Proteomics-based identification of low-abundance signaling and regulatory protein complexes in native plant tissues

• Published in: Nature protocols Vol. 7; no. 12; pp. 2144 - 2158
• Main Authors: Smaczniak, Cezary, Li, Na, Boeren, Sjef, America, Twan, van Dongen, Walter, Goerdayal, Soenita S, de Vries, Sacco, Angenent, Gerco C, Kaufmann, Kerstin
• Format: Journal Article
• Language: English
• Published: London Nature Publishing Group UK 01.12.2012; Nature Publishing Group
• Subjects: 631/1647/2067; 631/1647/527/296; 631/1647/664/2089; 631/449; Amino acids; Analytical Chemistry; Anatomy; Antibodies; arabidopsis-thaliana; Artificial chromosomes; bac transgeneomics; Biological Techniques; Botany; Cell culture; cells; Chromatography, Liquid; Computational Biology/Bioinformatics; Data analysis; Fluorescent Dyes; gene-expression; Immunoprecipitation - methods; Indigenous plants; Intracellular Signaling Peptides and Proteins - isolation & purification; Intracellular Signaling Peptides and Proteins - metabolism; Life Sciences; Liquid chromatography; Mass spectrometry; Methods; Microarrays; Multiprotein Complexes - isolation & purification; Multiprotein Complexes - metabolism; Observations; Organic Chemistry; Peptides; Plant proteins; Plant tissues; Proteins; Proteomics; Proteomics - methods; Protocol; quantification; quantitative proteomics; reveals; Sample preparation; Scientific imaging; strategy; Tandem Mass Spectrometry; Transcription Factors - isolation & purification; Transcription Factors - metabolism; Yeast; Netherlands; China
• ISSN: 1754-2189; 1750-2799
• DOI: 10.1038/nprot.2012.129

Owing to the low abundance of signaling proteins and transcription factors, their protein complexes are not easily identified by classical proteomics.

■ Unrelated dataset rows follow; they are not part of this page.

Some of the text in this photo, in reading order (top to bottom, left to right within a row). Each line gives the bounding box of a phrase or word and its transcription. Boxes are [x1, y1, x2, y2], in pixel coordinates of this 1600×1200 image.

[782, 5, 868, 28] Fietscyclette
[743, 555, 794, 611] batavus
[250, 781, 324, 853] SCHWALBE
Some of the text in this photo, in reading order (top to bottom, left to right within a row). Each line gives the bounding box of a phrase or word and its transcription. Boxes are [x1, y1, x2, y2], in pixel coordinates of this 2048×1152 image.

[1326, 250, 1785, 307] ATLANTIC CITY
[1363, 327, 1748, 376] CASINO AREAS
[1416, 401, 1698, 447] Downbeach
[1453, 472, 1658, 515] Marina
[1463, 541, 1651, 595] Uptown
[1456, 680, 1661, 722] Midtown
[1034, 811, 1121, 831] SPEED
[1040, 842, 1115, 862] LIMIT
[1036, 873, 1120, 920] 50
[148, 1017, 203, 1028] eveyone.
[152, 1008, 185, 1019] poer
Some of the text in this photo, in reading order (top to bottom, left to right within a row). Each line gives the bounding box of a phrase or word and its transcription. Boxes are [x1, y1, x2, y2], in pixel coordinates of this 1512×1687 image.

The isolation of these protein complexes from endogenous plant tissues (rather than plant cell cultures) is therefore an important technical challenge. Here, we describe a sensitive, quantitative proteomics-based procedure to determine the composition of plant protein complexes. The method makes use of fluorophore-tagged protein immunoprecipitation (IP) and label-free mass spectrometry (MS)-based quantification to correct for nonspecifically precipitated proteins. We provide procedures for the isolation of membrane-bound receptor complexes and transcriptional regulators from nuclei. The protocol consists of an IP step (∼6 h) and sample preparation for liquid chromatography-tandem MS (LC-MS/MS; 2 d). We also provide a guide for data analysis. Our single-step affinity purification protocol is a good alternative to two-step tandem affinity purification (TAP), as it is shorter and relatively easy to perform. The data analysis by label-free quantification (LFQ) requires a cheaper and less challenging experimental setup compared with known labeling techniques in plants.